From the line containing "this 1200×1798 image." to the end of the records below, output each line exactly; include both ends and nothing else.

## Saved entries
= = = = = = =
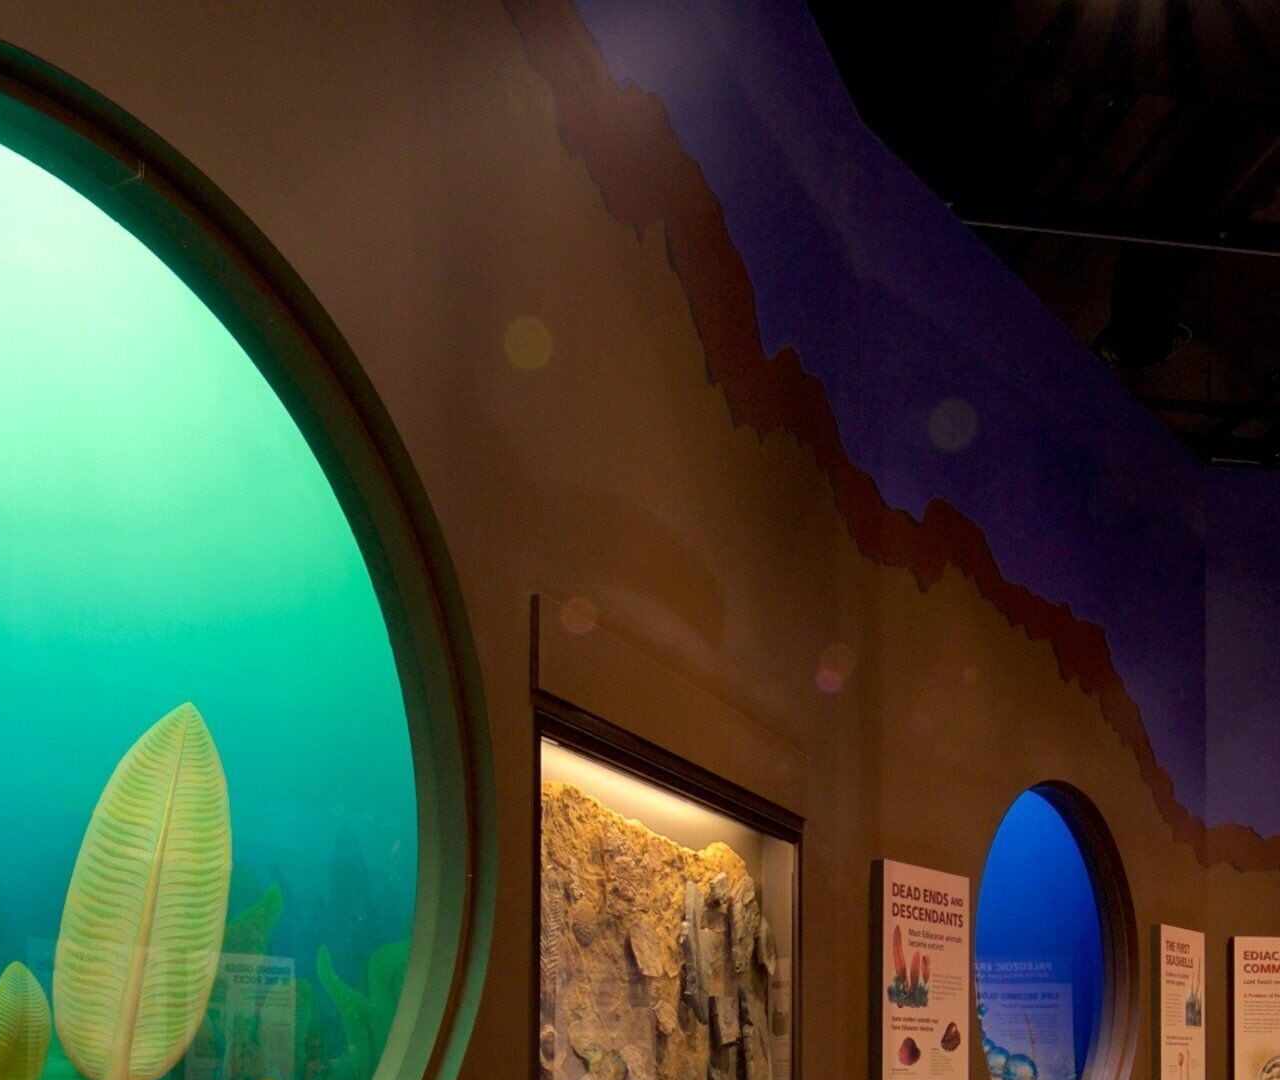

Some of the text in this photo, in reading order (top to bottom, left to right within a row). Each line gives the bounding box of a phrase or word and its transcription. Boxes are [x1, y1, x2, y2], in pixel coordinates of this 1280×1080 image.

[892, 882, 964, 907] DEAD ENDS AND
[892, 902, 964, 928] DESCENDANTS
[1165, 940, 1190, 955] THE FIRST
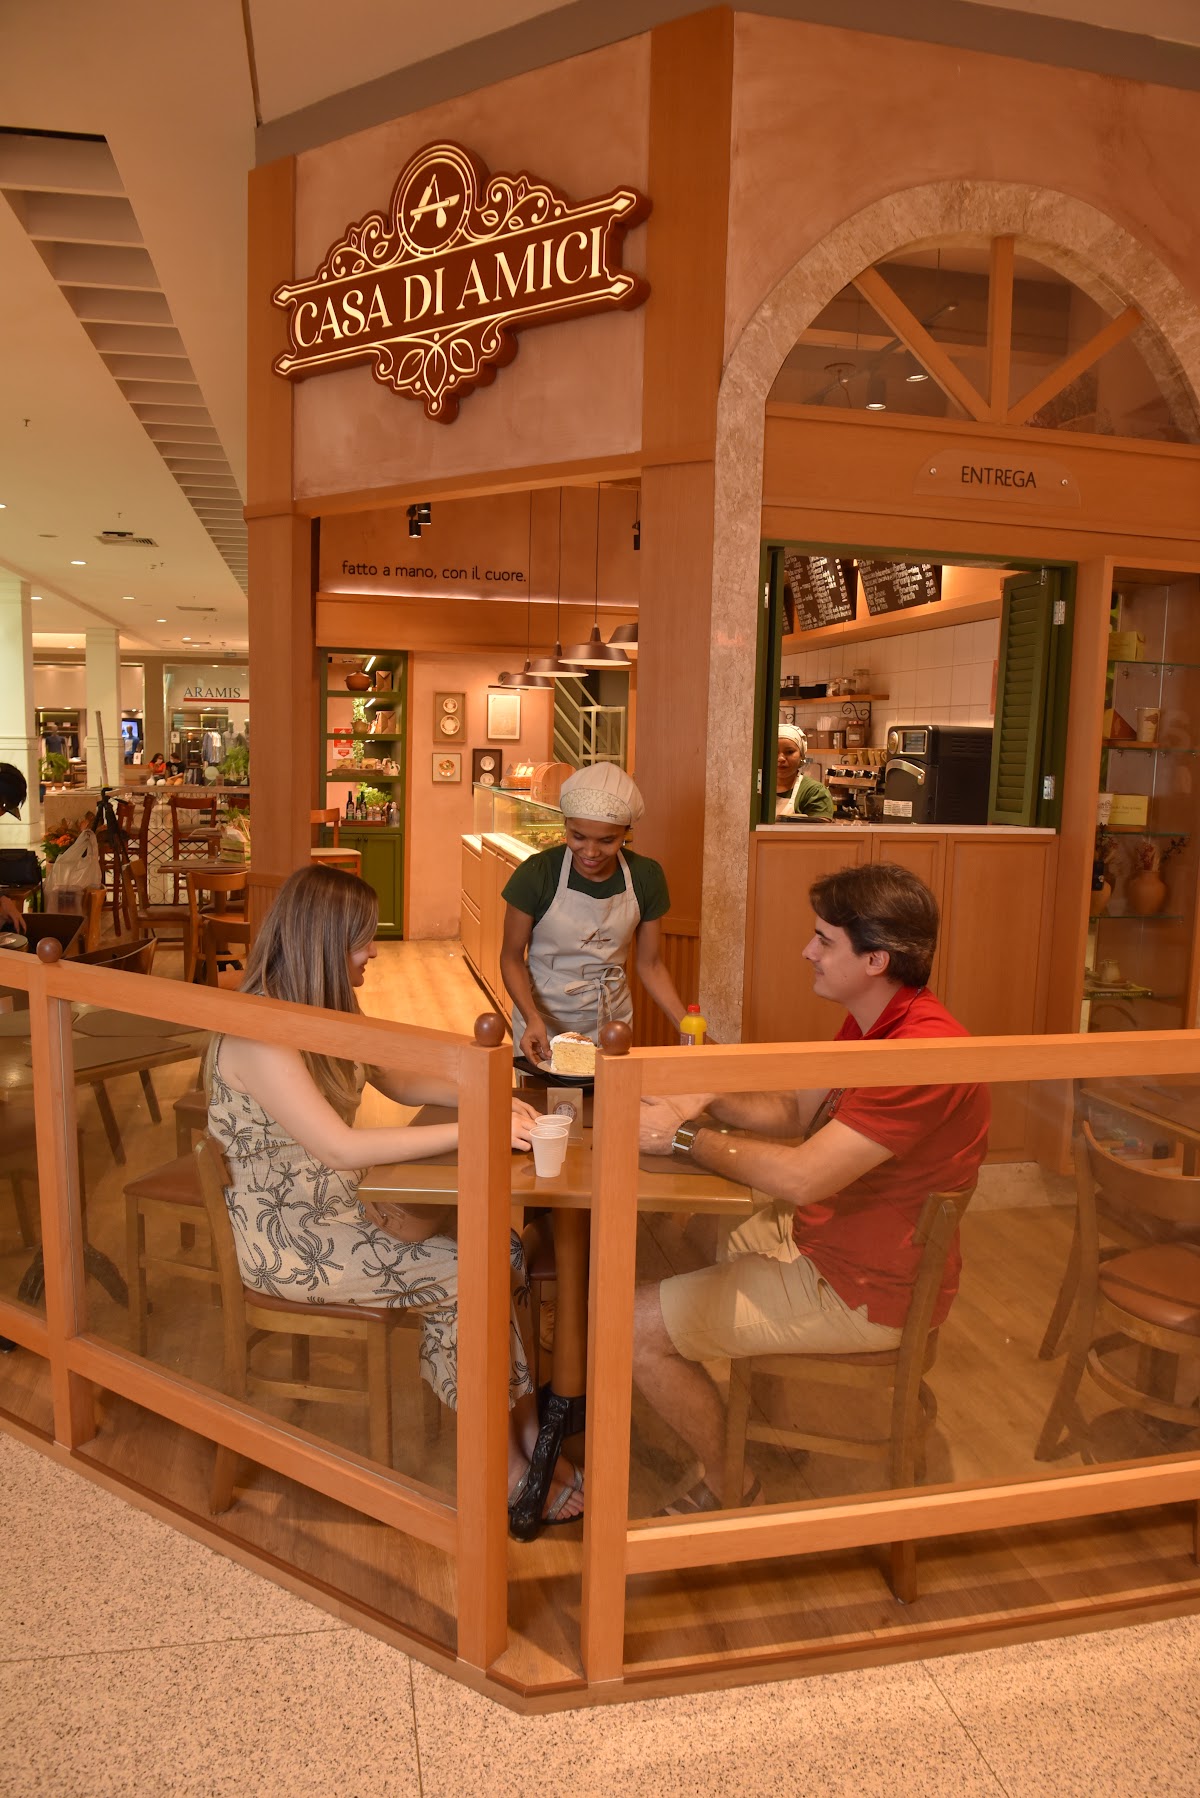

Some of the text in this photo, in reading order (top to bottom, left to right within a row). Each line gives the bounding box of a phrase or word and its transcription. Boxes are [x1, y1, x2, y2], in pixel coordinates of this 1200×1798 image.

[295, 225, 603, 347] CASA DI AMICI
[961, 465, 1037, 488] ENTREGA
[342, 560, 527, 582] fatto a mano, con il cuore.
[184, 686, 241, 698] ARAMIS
= = = = = = =
## Completed exercise
Some of the text in this photo, in reading order (top to bottom, left to right within a row). Each line gives the bounding box of a phrase or word and its transcription. Boxes are [x1, y1, x2, y2], in pixel coordinates of this 1200×1798 image.

[295, 225, 603, 347] CASA DI AMICI
[961, 465, 1037, 488] ENTREGA
[342, 560, 527, 582] fatto a mano, con il cuore.
[184, 686, 241, 698] ARAMIS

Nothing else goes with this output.